Первый долгоиграющий альбом The Orb носил роскошное психоделическое название «A Huge Ever Growing Pulsating Brain That Rules from the Centre of the Ultraworld» («Громадный постоянно растущий пульсирующий мозг, который правит из центра сверхъестественного мира», 1989).

Он был встречен на ура, критики поняли, что The Orb — это Pink Floyd сегодня, а эмбиент выполняет функцию регги десятилетней давности. Как известно, в конце 70-х измученные амфетамином панки переводили дух под регги, через десять лет поколение рэйверов, измученное наркотиком экстази, переводило дух под эмбиент.
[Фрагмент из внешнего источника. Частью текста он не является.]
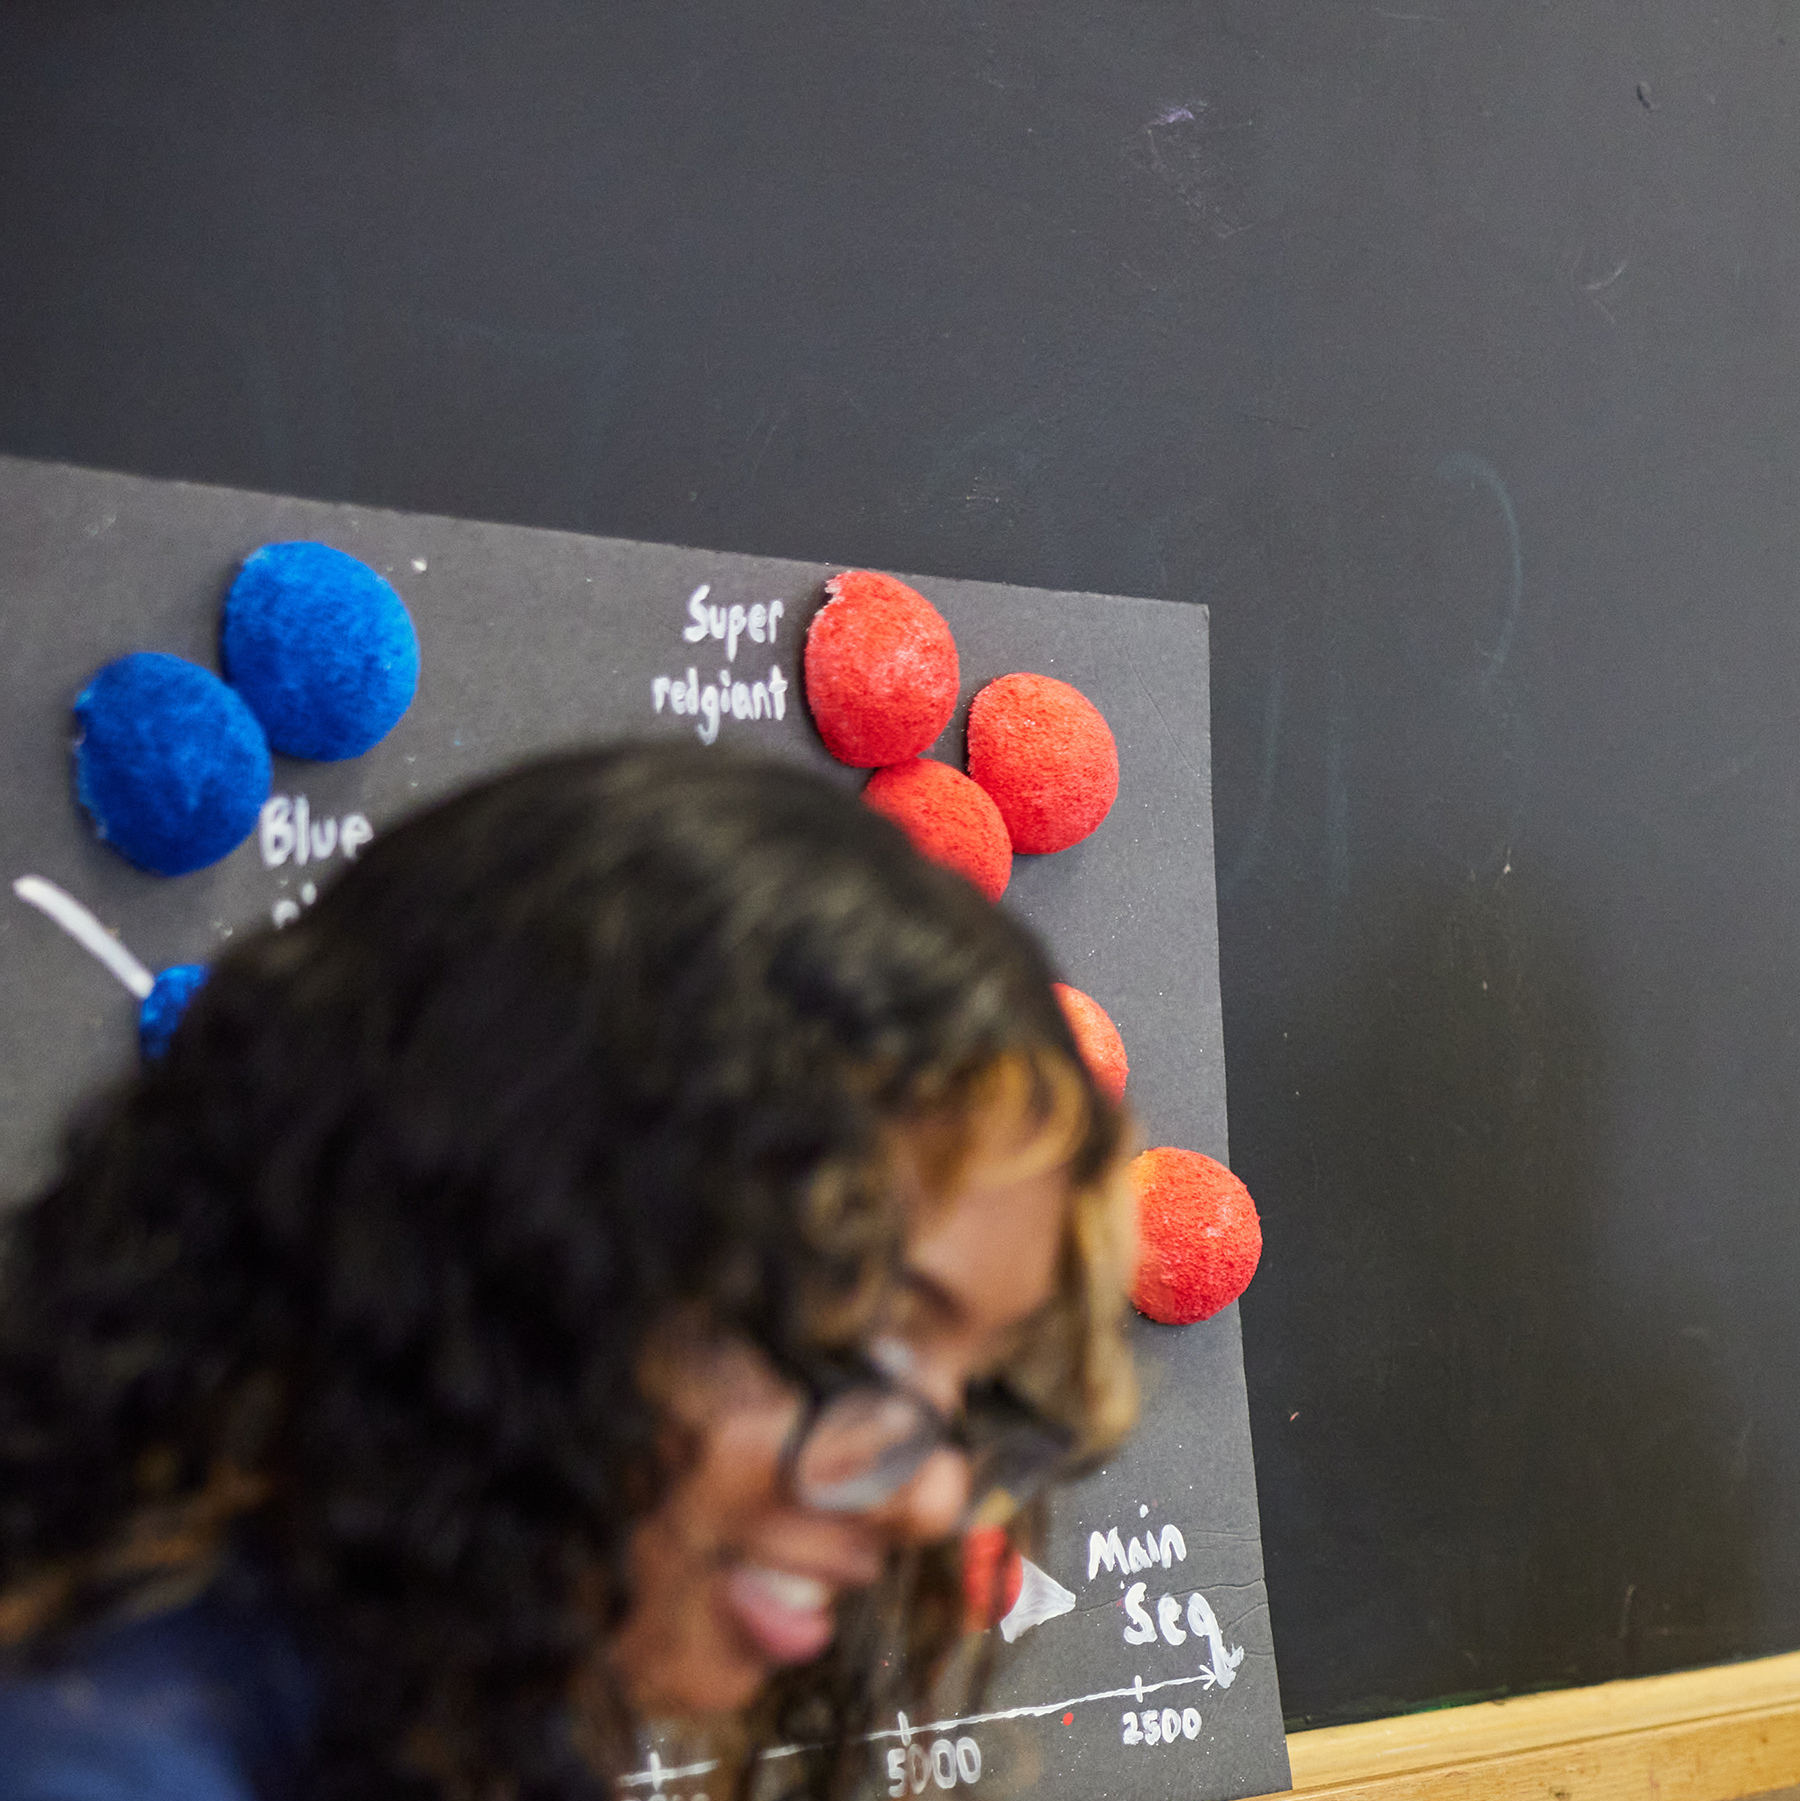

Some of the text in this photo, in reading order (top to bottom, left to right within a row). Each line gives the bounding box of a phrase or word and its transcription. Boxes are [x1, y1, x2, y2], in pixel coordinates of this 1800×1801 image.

[683, 583, 785, 663] Super
[259, 793, 375, 869] Blue
[1088, 1503, 1188, 1580] Main
[887, 1736, 982, 1798] 5000
[1122, 1708, 1202, 1746] 2500
Алекс Паттерсон был вполне в курсе своего значения для мировой культуры и скромно уверял, что делает танцевальную музыку для тех, кто не в силах оторвать задницу от стула.

The Orb 90-х — это неагрессивный и вполне танцевальный брейкбит. Слухи о его ненормальности сильно преувеличены. В 92-м на сцене появились Aphex Twin и Future Sound Of London (FSOL).
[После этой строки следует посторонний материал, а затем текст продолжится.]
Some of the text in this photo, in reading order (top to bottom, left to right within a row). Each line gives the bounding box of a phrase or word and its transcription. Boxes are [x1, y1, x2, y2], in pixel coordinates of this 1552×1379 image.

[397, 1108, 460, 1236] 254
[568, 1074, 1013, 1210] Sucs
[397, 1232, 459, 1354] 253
С ликвидацией транс-моды обессмыслилось и слово «эмбиент» в качестве названия стиля, заторможенный брейкбит в середине 90-х начали называть словом downtempo.

Арhex Twin

Ричард Ди Джеймс — пожалуй, самый знаменитый эксцентрик и самодур новой электронной поп-музыки.

В 92-м, когда Ричарду исполнилось двадцать два года, он под именем Aphex Twin выпустил техно-номер, изготовленный из семплированного звука ди-джериду — духового инструмента австралийских аборигенов. Посыпались предложения выступать и выпускать новые пластинки. Но внезапно обнаружилось несколько довольно странных вещей: во-первых, у молодого человека очень много записанной музыки. «Очень много» означало десятки часов. Во-вторых, молодой человек не хочет эти сокровища делать достоянием широкой общественности. А в-третьих, он свою музыку не столько записывает, сколько паяет. Юношу разочаровали возможности обычных синтезаторов и ритм-машин: «Синтезаторы изготавливаются для массового потребления, они могут только варьировать хорошо известные звуки и быстро надоедают. Однако их электроника способна на большее. Но для этого нужно разобрать ее на составные части, чтобы иметь возможность настраивать каждый из блоков в отдельности».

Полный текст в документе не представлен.